WESTFIELD – The specifications have been chosen, bids have been solicited and the first payment has been appropriated so the Westfield Fire Department will get a new platform truck – in eight to ten months.
The City Council voted Thursday to authorize the appropriation of $193,046.39 to fund the first year’s payment for a seven-year lease-to-own program to fund the acquisition of a new aerial fire truck to replace the city aging platform truck.
Fire Chief Mary Regan explained in a recent interview that the lease-to-own plan would minimize the financing costs for the new vehicle.
She said that the new truck has been “speced out” by a Fire Department committee so that, while the city’s firefighters may not know exactly what the new truck will look like, they know that it will have all the features they decided were necessary. Regan said that there are “a handful” of companies that could build the city’s new platform trucks and bids have already been solicited from them.
The $1.4 million price tag for the truck is a number that the committee that determined the specifications for the needed truck came up with and Regan said that she thinks the actual bid may be slightly lower.
“We think we’re in the ballpark, if anything we think we’re on the higher side” Regan said adding “We think we may be getting money back.”
She said that the city would also get some money back for the current platform truck. “Our plan is to try to trade it but if it doesn’t have enough value we’ll have to reevaluate that” she said adding that a manufacturer might want to refurbish and resell the truck or it might by purchased by a smaller fire department which cannot afford the capital outlay to buy a new platform truck.
She said that the truck was cut from the budget when it was first proposed but Mayor Daniel Knapik announced it’s acquisition as a priority in a speech after his inauguration and the money for the first of seven annual payments has been appropriated.
“Going forward, it will be something that will be worked in the budget” she said.
Regan said that the lease-to-own program will cut the costs of the new truck because, among other reasons, the city will start paying for the truck when it’s ordered so the manufacturer can use that money for the building expenses and Regan also said the city can save three or four percent of the costs by getting the order for the truck in this year, before prices increase.

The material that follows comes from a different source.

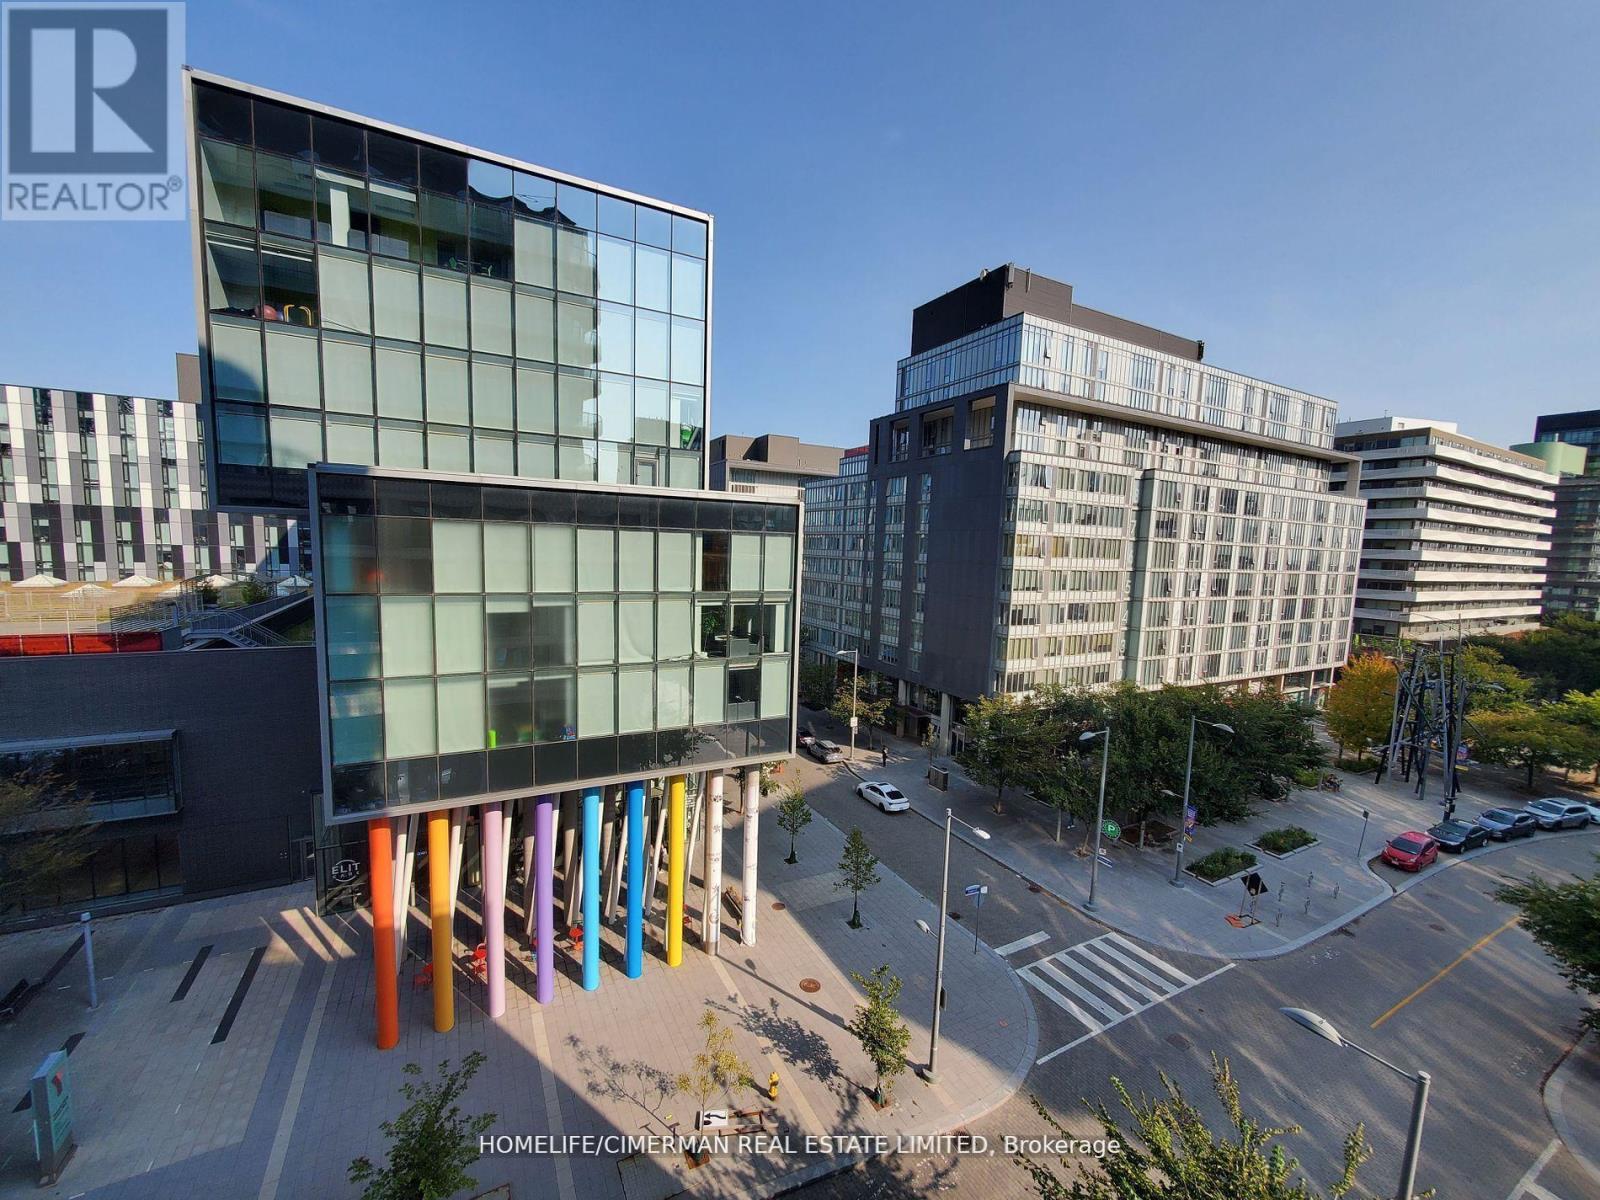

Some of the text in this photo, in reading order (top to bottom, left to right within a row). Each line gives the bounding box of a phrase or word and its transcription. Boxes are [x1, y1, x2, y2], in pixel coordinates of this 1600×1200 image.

[1130, 519, 1137, 535] 7
[1125, 580, 1132, 594] 5
[1121, 608, 1129, 624] 4

“I think that’s what motivated the move” to appropriate the money for the first payment now, Regan said.
She said that bids have been received and will be opened on Wednesday. She said “Our hope is to have an order in place by the end of the year.”
Regan said that, once construction of the truck get underway, the department’s mechanic, Chris Bard, and members of the planning committee will visit the manufacturer two or three times to inspect their progress and will make a final visit, once the truck is completed, to make sure all the equipment functions as planned before the manufacturer drives the truck to the city.
Regan said that the company chosen may have an incentive to complete the truck promptly because, she said, some of the companies like to have new trucks ready so they can be displayed before delivery at the New England Fire Chief’s Show, a firefighting trade show staged at the Eastern State Exposition grounds in June.
“It is a big incentive for them to have pieces to showcase” at the trade show Regan said.
“I think they’ll try for the six months but realistically it might be as much as eight” she said.